» **Exercise objective**
Each line from the one containing "this 2276×1280 image." through the last line of the records below is to be set down exactly; the rest stays out.

Collected data
%%

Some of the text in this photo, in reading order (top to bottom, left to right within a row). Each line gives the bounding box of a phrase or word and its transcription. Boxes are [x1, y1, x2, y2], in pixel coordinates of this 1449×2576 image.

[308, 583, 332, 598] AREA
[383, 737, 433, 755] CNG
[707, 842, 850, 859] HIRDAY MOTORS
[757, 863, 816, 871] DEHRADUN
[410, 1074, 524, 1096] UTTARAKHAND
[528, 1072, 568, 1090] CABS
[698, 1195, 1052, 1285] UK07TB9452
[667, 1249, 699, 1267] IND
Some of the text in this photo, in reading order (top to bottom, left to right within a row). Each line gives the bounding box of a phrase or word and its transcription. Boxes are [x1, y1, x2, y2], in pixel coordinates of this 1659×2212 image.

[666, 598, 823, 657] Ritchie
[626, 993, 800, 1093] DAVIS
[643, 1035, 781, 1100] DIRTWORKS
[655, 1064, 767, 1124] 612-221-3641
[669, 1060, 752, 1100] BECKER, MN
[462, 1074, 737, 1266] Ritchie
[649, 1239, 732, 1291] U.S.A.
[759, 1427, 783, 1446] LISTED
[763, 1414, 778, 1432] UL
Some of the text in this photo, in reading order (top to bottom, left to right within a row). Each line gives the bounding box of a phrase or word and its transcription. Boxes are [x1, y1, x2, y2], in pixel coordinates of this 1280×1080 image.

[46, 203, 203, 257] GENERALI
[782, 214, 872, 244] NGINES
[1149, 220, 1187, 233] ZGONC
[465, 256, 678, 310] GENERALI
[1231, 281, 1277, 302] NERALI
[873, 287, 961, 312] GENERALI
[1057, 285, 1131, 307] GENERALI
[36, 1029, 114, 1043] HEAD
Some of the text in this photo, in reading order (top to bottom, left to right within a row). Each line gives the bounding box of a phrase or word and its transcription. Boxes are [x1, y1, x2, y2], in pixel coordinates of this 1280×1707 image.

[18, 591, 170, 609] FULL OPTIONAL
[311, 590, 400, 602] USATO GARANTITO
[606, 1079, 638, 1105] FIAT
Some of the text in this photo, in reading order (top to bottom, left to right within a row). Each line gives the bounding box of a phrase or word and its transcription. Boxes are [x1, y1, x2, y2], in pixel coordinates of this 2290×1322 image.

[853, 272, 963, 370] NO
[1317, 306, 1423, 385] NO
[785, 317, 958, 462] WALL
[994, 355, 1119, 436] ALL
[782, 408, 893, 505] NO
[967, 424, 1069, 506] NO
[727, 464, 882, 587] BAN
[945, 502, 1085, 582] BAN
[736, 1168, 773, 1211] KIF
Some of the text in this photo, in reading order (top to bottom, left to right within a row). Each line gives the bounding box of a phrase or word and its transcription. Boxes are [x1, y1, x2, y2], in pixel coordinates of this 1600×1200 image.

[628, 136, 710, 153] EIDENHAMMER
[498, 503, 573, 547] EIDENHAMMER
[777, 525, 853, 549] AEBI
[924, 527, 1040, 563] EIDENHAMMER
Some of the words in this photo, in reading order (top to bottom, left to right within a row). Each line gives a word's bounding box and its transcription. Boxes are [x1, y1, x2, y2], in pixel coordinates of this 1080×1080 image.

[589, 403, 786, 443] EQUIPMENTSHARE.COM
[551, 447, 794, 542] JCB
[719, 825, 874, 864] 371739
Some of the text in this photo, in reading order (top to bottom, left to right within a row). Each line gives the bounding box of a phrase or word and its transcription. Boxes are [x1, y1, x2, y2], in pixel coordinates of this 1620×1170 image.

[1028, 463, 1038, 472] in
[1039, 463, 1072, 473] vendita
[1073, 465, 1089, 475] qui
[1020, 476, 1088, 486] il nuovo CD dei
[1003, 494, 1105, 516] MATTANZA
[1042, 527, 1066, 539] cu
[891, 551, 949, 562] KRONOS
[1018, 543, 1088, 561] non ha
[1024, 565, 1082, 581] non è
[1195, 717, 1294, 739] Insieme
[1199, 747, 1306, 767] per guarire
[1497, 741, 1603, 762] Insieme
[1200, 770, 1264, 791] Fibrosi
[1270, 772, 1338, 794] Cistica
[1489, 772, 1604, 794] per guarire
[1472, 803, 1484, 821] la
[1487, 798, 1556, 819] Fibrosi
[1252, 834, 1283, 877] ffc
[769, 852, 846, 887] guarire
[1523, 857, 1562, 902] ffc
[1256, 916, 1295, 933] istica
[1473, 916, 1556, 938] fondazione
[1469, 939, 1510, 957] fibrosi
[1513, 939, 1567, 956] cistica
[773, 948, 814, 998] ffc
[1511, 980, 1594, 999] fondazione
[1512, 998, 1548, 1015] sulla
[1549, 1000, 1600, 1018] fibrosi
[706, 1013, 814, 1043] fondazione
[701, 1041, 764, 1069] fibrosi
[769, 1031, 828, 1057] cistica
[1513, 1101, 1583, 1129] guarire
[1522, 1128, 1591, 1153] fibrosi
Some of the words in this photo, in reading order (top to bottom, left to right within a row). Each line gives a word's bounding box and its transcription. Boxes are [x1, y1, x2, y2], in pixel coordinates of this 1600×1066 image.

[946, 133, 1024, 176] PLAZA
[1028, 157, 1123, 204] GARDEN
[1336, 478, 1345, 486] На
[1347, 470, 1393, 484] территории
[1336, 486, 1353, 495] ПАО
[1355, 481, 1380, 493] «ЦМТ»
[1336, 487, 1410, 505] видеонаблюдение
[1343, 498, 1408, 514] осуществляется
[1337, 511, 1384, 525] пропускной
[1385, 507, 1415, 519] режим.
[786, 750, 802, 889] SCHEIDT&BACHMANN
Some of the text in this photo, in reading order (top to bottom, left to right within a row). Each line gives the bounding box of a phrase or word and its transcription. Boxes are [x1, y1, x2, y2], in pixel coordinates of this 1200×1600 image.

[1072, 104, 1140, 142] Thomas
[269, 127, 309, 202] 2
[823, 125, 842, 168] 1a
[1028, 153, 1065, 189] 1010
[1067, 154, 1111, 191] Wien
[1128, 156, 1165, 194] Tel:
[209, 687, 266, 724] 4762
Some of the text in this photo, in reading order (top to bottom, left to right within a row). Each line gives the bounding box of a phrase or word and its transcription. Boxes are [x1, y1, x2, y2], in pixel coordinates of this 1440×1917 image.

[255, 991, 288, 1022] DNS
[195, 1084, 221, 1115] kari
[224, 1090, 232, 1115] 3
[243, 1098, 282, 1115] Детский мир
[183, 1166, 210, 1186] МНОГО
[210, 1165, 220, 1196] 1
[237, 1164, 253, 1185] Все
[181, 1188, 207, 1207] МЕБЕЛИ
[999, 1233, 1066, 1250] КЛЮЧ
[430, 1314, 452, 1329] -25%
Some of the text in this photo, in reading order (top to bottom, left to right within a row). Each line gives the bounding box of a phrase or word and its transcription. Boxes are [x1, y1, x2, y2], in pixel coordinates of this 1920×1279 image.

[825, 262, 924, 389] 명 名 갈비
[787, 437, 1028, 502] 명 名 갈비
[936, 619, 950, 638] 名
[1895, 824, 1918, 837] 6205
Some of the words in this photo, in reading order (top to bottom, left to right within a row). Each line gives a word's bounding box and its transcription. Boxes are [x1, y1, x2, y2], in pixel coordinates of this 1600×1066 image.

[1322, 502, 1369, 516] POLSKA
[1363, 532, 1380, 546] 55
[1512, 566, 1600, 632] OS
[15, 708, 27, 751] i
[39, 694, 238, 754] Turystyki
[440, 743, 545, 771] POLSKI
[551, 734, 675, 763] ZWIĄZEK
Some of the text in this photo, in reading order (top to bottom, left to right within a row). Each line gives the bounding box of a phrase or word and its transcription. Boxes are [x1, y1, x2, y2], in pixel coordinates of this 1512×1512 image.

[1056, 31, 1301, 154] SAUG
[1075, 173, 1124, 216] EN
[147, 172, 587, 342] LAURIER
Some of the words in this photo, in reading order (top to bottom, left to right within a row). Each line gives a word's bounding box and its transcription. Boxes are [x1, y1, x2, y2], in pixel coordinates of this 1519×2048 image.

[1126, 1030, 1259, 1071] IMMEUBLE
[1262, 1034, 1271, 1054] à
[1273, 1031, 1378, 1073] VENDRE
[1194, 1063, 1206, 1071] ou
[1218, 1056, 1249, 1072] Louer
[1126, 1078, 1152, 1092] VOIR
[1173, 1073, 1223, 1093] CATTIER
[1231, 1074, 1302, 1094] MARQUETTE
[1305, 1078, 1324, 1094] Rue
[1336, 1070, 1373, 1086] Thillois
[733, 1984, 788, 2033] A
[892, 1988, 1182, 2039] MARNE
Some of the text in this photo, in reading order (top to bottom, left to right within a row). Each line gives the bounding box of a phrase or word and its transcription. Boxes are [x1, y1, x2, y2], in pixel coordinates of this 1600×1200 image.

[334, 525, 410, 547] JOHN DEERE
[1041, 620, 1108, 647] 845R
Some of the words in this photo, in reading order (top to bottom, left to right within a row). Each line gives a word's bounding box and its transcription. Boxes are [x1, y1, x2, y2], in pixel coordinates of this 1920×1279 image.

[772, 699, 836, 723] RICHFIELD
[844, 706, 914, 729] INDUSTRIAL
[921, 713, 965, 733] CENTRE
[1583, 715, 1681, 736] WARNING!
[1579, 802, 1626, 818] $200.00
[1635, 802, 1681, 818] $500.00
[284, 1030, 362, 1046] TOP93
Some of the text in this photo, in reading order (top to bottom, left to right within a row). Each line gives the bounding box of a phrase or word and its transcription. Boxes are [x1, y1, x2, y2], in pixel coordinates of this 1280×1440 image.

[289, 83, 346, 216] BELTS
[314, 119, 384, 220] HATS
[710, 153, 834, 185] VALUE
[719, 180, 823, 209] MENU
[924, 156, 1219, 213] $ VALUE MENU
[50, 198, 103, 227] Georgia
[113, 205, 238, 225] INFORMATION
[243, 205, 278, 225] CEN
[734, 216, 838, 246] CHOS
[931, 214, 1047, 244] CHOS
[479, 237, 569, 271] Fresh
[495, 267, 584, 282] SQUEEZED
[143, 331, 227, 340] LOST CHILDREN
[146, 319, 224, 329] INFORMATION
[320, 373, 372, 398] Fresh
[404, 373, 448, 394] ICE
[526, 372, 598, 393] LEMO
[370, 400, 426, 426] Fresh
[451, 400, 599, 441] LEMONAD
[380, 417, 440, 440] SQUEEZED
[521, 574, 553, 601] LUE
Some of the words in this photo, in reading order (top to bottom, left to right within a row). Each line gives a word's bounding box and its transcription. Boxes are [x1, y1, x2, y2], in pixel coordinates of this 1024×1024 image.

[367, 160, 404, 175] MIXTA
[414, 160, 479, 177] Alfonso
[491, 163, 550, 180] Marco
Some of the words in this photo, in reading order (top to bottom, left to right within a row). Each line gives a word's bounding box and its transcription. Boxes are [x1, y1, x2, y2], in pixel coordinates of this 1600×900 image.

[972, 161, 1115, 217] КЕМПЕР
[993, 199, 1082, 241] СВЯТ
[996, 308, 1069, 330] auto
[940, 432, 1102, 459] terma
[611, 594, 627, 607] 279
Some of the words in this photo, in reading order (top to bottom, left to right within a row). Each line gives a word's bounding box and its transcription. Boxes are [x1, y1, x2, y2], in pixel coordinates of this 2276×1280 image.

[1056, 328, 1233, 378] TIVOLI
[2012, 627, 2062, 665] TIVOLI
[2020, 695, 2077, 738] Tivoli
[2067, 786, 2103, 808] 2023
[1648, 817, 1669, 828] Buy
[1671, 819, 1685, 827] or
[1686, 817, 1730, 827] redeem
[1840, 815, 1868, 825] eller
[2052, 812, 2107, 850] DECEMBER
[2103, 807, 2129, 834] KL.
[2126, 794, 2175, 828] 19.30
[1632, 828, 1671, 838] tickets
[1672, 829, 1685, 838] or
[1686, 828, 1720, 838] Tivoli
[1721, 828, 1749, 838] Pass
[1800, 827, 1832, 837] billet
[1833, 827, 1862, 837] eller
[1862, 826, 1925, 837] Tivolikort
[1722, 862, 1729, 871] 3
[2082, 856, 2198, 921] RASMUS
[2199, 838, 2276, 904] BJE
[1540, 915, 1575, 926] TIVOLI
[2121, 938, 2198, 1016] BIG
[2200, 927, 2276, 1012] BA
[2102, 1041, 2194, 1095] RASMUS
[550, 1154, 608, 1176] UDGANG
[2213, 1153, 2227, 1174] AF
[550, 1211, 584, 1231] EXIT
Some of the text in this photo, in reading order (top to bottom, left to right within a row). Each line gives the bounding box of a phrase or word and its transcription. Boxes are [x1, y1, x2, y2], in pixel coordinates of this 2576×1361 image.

%%

» **Written solution**
Some of the words in this photo, in reading order (top to bottom, left to right within a row). Each line gives a word's bounding box and its transcription. Boxes are [x1, y1, x2, y2], in pixel coordinates of this 2276×1280 image.

[1056, 328, 1233, 378] TIVOLI
[2012, 627, 2062, 665] TIVOLI
[2020, 695, 2077, 738] Tivoli
[2067, 786, 2103, 808] 2023
[1648, 817, 1669, 828] Buy
[1671, 819, 1685, 827] or
[1686, 817, 1730, 827] redeem
[1840, 815, 1868, 825] eller
[2052, 812, 2107, 850] DECEMBER
[2103, 807, 2129, 834] KL.
[2126, 794, 2175, 828] 19.30
[1632, 828, 1671, 838] tickets
[1672, 829, 1685, 838] or
[1686, 828, 1720, 838] Tivoli
[1721, 828, 1749, 838] Pass
[1800, 827, 1832, 837] billet
[1833, 827, 1862, 837] eller
[1862, 826, 1925, 837] Tivolikort
[1722, 862, 1729, 871] 3
[2082, 856, 2198, 921] RASMUS
[2199, 838, 2276, 904] BJE
[1540, 915, 1575, 926] TIVOLI
[2121, 938, 2198, 1016] BIG
[2200, 927, 2276, 1012] BA
[2102, 1041, 2194, 1095] RASMUS
[550, 1154, 608, 1176] UDGANG
[2213, 1153, 2227, 1174] AF
[550, 1211, 584, 1231] EXIT
Some of the text in this photo, in reading order (top to bottom, left to right within a row). Each line gives the bounding box of a phrase or word and its transcription. Boxes are [x1, y1, x2, y2], in pixel coordinates of this 2576×1361 image.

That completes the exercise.